Sunday, September 13, 2009

ON GAY MARRIAGE

It would be so easy to blame gays for the erosion of family values. Everything would become so much clearer and simpler, and I could oppose their marriage agenda in good conscience. Unfortunately, while I seem to have reservations about homosexuality, I find that I do not have a problem with homosexuals; in my experience, they seem to have no less or more character than heterosexuals.
I cringe a little when I visualize what gays do sexually. I wonder if they cringe when they visualize the things I do? On one level, homosexuality seems so unnatural; on the other, it is clear that gays have been around at least as long as written history.

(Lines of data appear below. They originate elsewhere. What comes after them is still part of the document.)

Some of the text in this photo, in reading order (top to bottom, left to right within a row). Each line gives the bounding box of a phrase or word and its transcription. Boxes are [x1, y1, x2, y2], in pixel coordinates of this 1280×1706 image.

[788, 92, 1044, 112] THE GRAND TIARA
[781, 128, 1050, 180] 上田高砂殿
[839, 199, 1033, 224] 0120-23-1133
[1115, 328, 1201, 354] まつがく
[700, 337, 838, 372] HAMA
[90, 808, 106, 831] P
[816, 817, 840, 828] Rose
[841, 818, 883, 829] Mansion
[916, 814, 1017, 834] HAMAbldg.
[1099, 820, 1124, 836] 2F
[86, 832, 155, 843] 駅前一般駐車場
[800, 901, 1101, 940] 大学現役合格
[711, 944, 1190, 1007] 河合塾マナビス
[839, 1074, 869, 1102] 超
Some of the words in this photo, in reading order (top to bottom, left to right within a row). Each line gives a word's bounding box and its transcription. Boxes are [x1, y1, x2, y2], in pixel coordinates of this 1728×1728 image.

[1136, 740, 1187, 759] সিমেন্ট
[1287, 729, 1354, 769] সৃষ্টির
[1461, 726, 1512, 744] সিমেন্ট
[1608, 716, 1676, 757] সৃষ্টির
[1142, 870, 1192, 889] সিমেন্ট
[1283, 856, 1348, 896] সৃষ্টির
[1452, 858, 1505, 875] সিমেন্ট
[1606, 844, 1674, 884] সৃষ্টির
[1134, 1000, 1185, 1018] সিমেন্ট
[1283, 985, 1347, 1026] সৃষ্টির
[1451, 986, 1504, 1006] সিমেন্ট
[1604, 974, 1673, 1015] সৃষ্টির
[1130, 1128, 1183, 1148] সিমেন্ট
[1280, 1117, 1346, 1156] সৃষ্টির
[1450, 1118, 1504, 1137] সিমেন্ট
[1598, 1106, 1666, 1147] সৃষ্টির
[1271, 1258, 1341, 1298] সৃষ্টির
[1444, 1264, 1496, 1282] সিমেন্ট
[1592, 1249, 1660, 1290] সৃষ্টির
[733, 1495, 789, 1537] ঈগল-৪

Most gays when asked will say that they have been the way they are as long as they can remember. Why should I disbelieve them?
I’m not sure gay and lesbian couples should be in such a hurry to get married. Heterosexual couples are destroying the institution rapidly. Over half of heterosexual marriages end in divorce; many others barely survive infidelity and self absorption. There’s even a website now where married people who want to cheat can sign up.
The primary threats to family values are heterosexual divorce and the epidemic rise in fatherless homes. After that comes heterosexual promiscuity. Gay marriage poses little comparative risk.
Family values of are critical importance. Government cannot take the place of parents in child rearing and the instillation of values. Governments and villages cannot love children the way parents do. Families form the most basic, indispensible unit around which economic safety and responsibility can be built.
That being said, lets not put the erosion of family values off on gays. If we want to turn this process around, heterosexuals need to get married and stay married.
Some say we shouldn’t allow gays to marry because God is opposed to it. Maybe so. But neither do I think he comes down strongly in favor of divorce, fatherless children, or promiscuity in any form. I just can’t seem to find the moral high ground from which to deny these people.
My marriage is one of the biggest blessings of my life and I have a difficult time opposing giving gays and lesbians their shot. I’m not convinced they’ll muck it up any worse than heterosexuals have.